Los Angeles Dodgers – No. 46
- Catcher
- Born: June 5, 1997 (age 29) Lake Charles, Louisiana, U.S.
- Bats: LeftThrows: Right

MLB debut
- July 31, 2024, for the Los Angeles Dodgers

MLB statistics (through September 27, 2026)
- Batting average: .205
- Home runs: 3
- Runs batted in: 28
- Stats at Baseball Reference

Teams
- Los Angeles Dodgers (2024–2025); Tampa Bay Rays (2025–2026); Los Angeles Dodgers (2026–present);

= Hunter Feduccia =

American baseball player (born 1997)

Hunter Feduccia (born June 5, 1997) is an American professional baseball catcher for the Los Angeles Dodgers of Major League Baseball (MLB). He has previously played in MLB for the Tampa Bay Rays. Feduccia played college baseball for the LSU Tigers and was selected by the Dodgers in the 12th round of the 2018 MLB draft.

==Career==
===Amateur career===
Feduccia played baseball at Barbe High School, where he hit .353 in his senior season and won three state championships. He went to Louisiana State University at Eunice for two seasons, and was voted Defensive Player of the Year both seasons. Feduccia transferred to Louisiana State University where he batted .233 in 56 games during the 2018 season.

===Los Angeles Dodgers===
Feduccia made his professional debut with the rookie–level Ogden Raptors in 2018 and was promoted to the Single–A Great Lakes Loons after only three games. In 2019, he split the season between Great Lakes and the High–A Rancho Cucamonga Quakes, hitting .275 in 72 games. Feduccia did not play in a game in 2020 due to the cancellation of the minor league season because of the COVID-19 pandemic. He was promoted to the Double–A Tulsa Drillers in 2021, where he hit .254 with 10 home runs and 35 RBI in 86 games. 2022 was split between Tulsa and Triple–A Oklahoma City Dodgers, and he hit .238 with 15 homers and 51 RBI between the two levels. In 2023 with Oklahoma City, he hit .279 with 11 homers and 57 RBI in 90 games.
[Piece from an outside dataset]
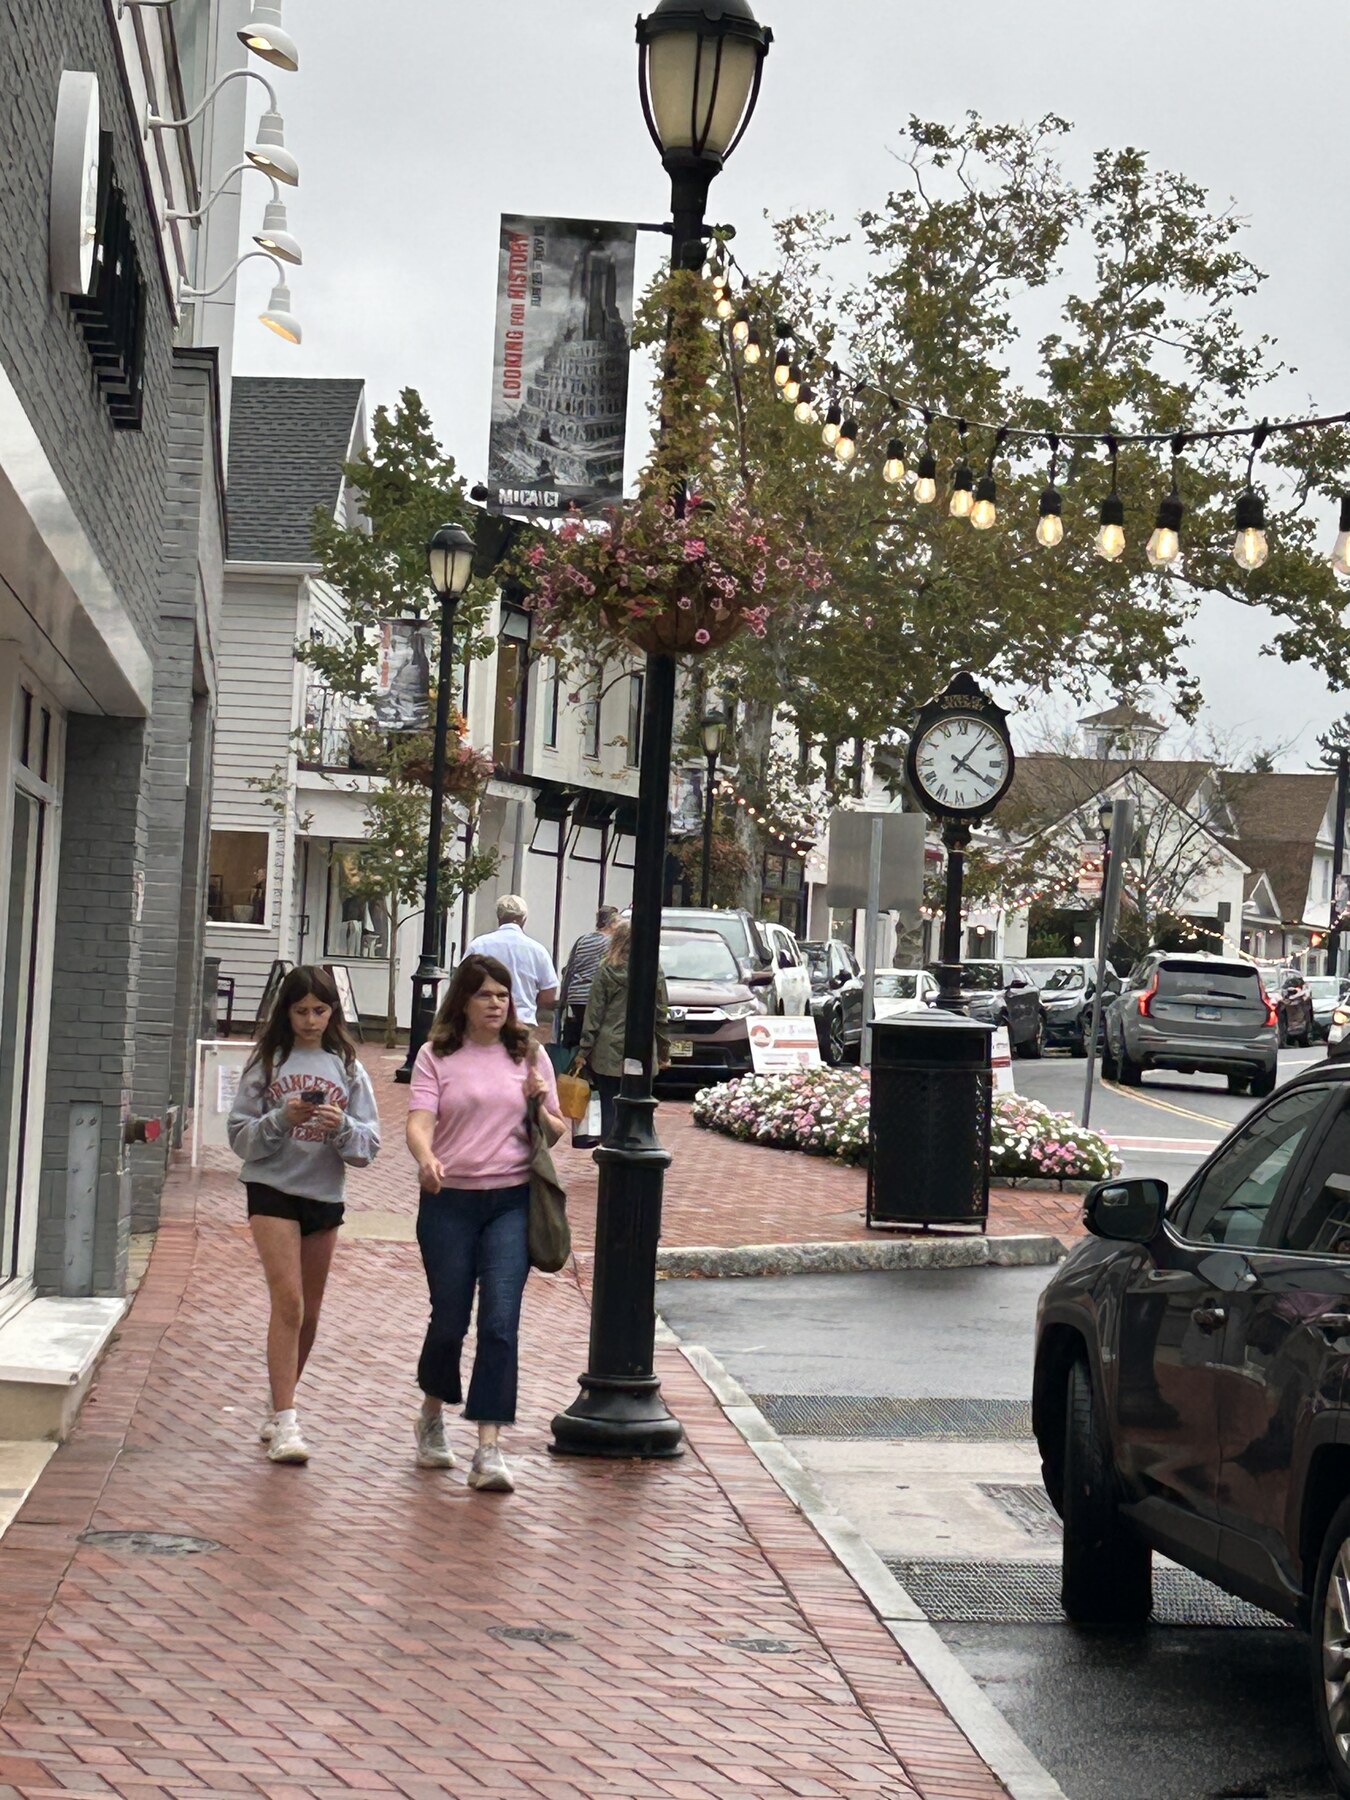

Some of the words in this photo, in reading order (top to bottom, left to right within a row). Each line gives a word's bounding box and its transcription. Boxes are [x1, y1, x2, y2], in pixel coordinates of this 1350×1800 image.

[507, 231, 530, 300] HISTORY
[510, 303, 526, 326] FOR
[503, 330, 524, 399] LOOKING
Feduccia was added to the Dodgers 40-man roster on November 14, 2023, in order to be protected from the Rule 5 draft. He was optioned back to Oklahoma City to begin the 2024 season and was promoted to the major leagues for the first time on July 27. He made his MLB debut as a pinch hitter against the San Diego Padres on July 31 and flew out. He recorded his first major league hit on August 25 off of Drew Rasmussen of the Tampa Bay Rays. Feduccia had 12 at-bats in five games in the majors, with four hits and one RBI. In 82 games for Oklahoma City, he batted .284 with six homers and 54 RBI.

Feduccia was optioned to the Triple-A Oklahoma City Comets to begin the 2025 season. In 79 games, he batted .290 with nine home runs and 52 RBI. Feduccia also had three at-bats over two games for the Dodgers without recording a hit.

===Tampa Bay Rays===
On July 31, 2025, Feduccia was traded by the Dodgers to the Tampa Bay Rays in exchange for Paul Gervase, Ben Rortvedt and Adam Serwinowski. He made 36 appearances down the stretch, batting .151/.265/.209 with eight RBI and one stolen bases.

On May 20, 2026, Feduccia hit his first career home run off of Shane Baz of the Baltimore Orioles.

===Los Angeles Dodgers (second stint)===
On August 3, 2026, Feduccia was re-acquired by the Dodgers (along with Jacob Kmatz) from the Tampa Bay Rays in exchange for Jack Suwinski and international bonus pool money.